上面这一段最大的问题是:你修改 outvec 的同时也改动了 invec。反映到 R 上就是你调用 fun(x) 的同时也修改了 x。这是因为 NumericVector 本质是 RObject,而 RObject 的本质是 SEXP,而 SEXP 又是 pointer to R expression,所以这里 invecoutvec 是两个不同的 pointer 指向了同一个 R vector。

正确的写法是:

// method 1
Rcpp::NumericVector invec(vx);
Rcpp::NumericVector outvec = Rcpp::clone(vx);
...

// method 2
Rcpp::NumericVector invec(vx);
Rcpp::NumericVector outvec = log(invec); // This is Rcpp sugar

3.4 Other Vector Classes

  • LogicalVector: vector<bool>,但是要注意可以有 NA
  • CharacterVector: vector<const char*>,并不是 vector<string>

Chapter 4. Data Structures: Part Two

4.1 Rcpp::Named

someVec <- c(mean=1.23, dim=42.0, cnt=12)
someVec
mean dim cnt
1.23 42.00 12.00

等同于:

src <- '
	Rcpp::NumericVector x =
	Rcpp::NumericVector::create(
		Rcpp::Named("mean") = 1.23,
		Rcpp::Named("dim") = 42,
		Rcpp::Named("cnt") = 12
	);
	return x; 
'

fun <- cxxfunction(signature(), src, plugin="Rcpp")
fun()
mean dim cnt
1.23 42.00 12.00

Rcpp::Named("mean") 部分又可以简写为:

	Rcpp::NumericVector x = NumericVector::create(
		_["mean"] = 1.23,
		_["dim"] = 42,
		_["cnt"] = 12
	);

4.2 Rcpp::GenericVector

对应 R 的 list。用法类似 4.1。

4.3 Rcpp::DataFrame

对应 R 的 data.frame。Internally, data frames are represented as lists.

4.4 Rcpp::Function

4.4.1 Rcpp::Function 包装一个 R function

A Function object is needed whenever an R function—either supplied by the user or by accessing an R function—is employed.

src <- '
	Function sort(x);
	return sort(y, Named("decreasing", true));
'

fun <- cxxfunction(signature(x="function", y="ANY"), src, plugin="Rcpp")
fun(sort, sample(1:5, 10, TRUE))
[1] 5 5 5 3 3 3 2 2 2 1

这里是把 R 的 sort 作为 x 传给了 Function sort(x)。然后注意调用 Function sort 的传参方法是 Named("paraName", paraVal)
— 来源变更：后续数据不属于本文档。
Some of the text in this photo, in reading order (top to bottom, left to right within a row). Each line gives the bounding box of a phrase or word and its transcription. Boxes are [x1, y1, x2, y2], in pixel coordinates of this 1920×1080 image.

Another useful point to note is that because the second argument y is never instantiated (即我们没有把 y 转成 Rcpp 的对象), we can pass different types of a suitable nature.
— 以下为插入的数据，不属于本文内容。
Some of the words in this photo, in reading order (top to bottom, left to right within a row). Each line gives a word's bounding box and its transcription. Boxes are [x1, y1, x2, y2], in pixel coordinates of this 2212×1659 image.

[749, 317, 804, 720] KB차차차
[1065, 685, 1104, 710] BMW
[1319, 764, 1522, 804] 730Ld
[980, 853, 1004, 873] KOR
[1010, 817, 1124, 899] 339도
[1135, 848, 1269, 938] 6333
4.4.2 Rcpp::Function 调用一个 R function

The Function class can also be used to access R functions directly. In the example below, we draw five random numbers from a t-distribution with three degrees of freedom. As we are accessing the random number generators, we need to ensure that it is in a proper state. The RNGScope class ensures this by initializing the random number generator by calling the GetRNGState() function from the class constructor, and by restoring the initial state via PutRNGState() via its destructor.

src <- '
	RNGScope scp;
	Rcpp::Function rt("rt");
	return rt(5, 3);
'
fun <- cxxfunction(signature(), src, plugin="Rcpp")

set.seed(42)
fun()
[1] 2.339681 0.130995 -0.074028 -0.057701 -0.046482

注意这里我们是把 R function 的 name “rt” 传给了 Rcpp::Function rt("rt");

4.5 Rcpp::Environment

Environment 主要负责 variable lookup、namespace 这类的职责。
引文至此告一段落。